Records supplied:

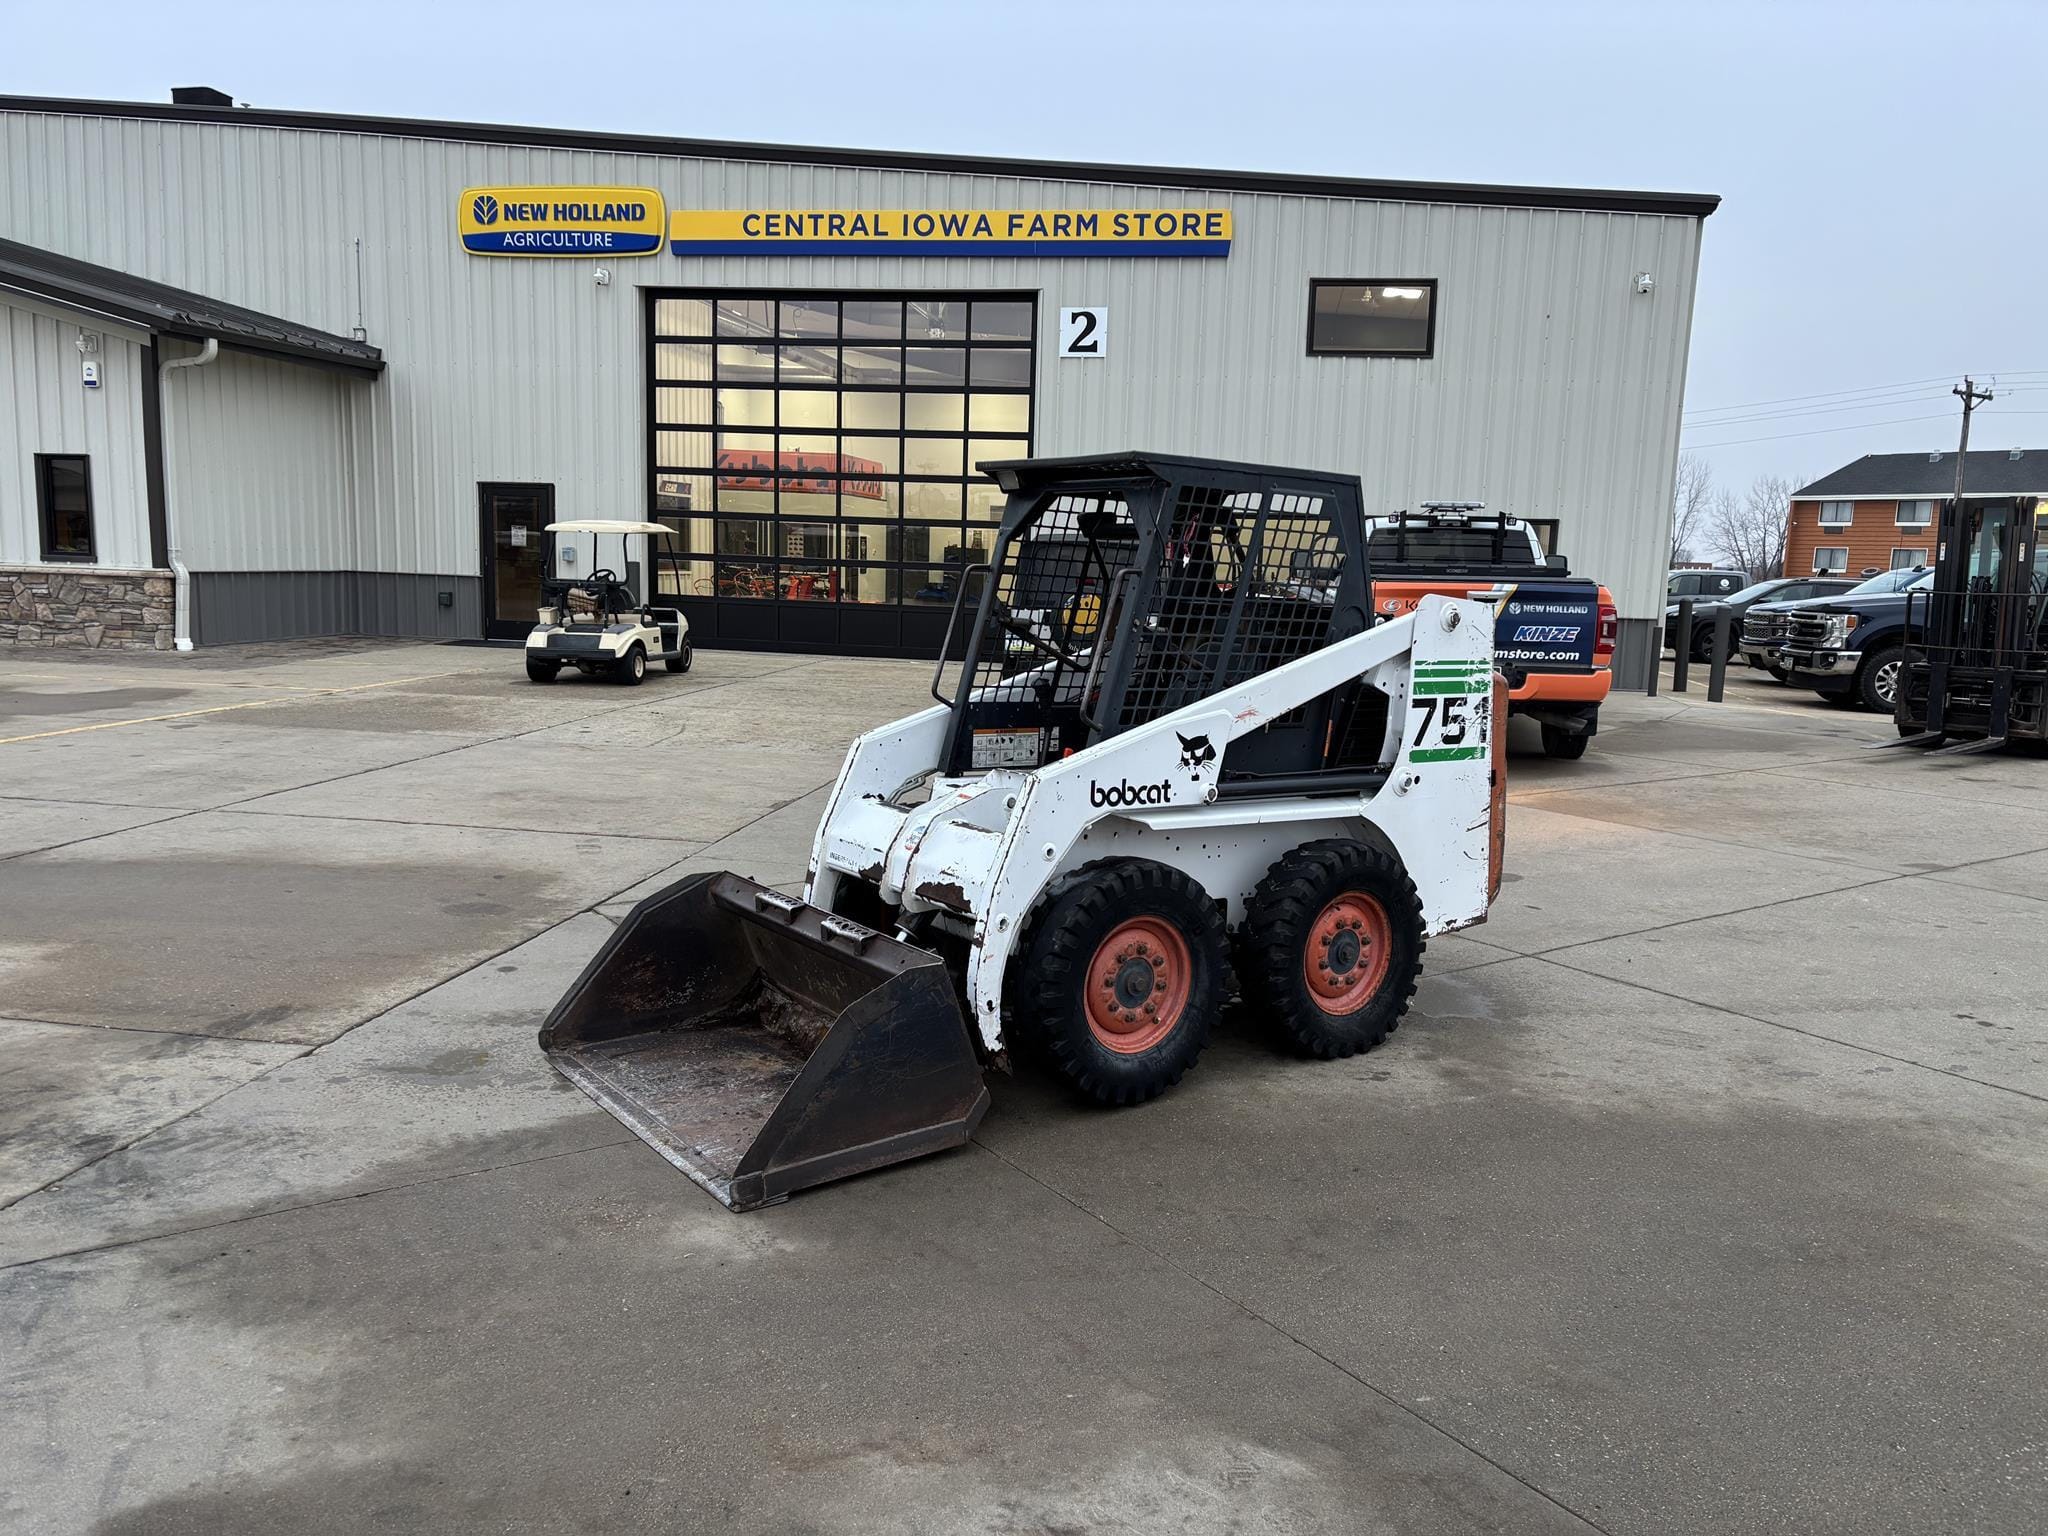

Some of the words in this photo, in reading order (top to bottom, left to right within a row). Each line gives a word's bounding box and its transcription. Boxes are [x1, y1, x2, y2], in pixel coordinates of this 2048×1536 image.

[503, 203, 546, 221] NEW
[553, 203, 645, 222] HOLLAND
[742, 213, 889, 237] CENTRAL
[902, 213, 994, 237] IOWA
[1007, 213, 1098, 237] FARM
[1112, 213, 1223, 237] STORE
[503, 232, 612, 247] AGRICULTURE
[1068, 311, 1098, 353] 2
[1523, 604, 1545, 613] NEW
[1546, 605, 1588, 614] HOLLAND
[1512, 625, 1581, 643] KINZE
[1493, 648, 1580, 661] mstore.com
[1090, 778, 1172, 808] bobcat

Task:
Exact duplicates of all the entries are required, and no image may appear in them.

Finished task:
Some of the words in this photo, in reading order (top to bottom, left to right within a row). Each line gives a word's bounding box and its transcription. Boxes are [x1, y1, x2, y2], in pixel coordinates of this 2048×1536 image.

[503, 203, 546, 221] NEW
[553, 203, 645, 222] HOLLAND
[742, 213, 889, 237] CENTRAL
[902, 213, 994, 237] IOWA
[1007, 213, 1098, 237] FARM
[1112, 213, 1223, 237] STORE
[503, 232, 612, 247] AGRICULTURE
[1068, 311, 1098, 353] 2
[1523, 604, 1545, 613] NEW
[1546, 605, 1588, 614] HOLLAND
[1512, 625, 1581, 643] KINZE
[1493, 648, 1580, 661] mstore.com
[1090, 778, 1172, 808] bobcat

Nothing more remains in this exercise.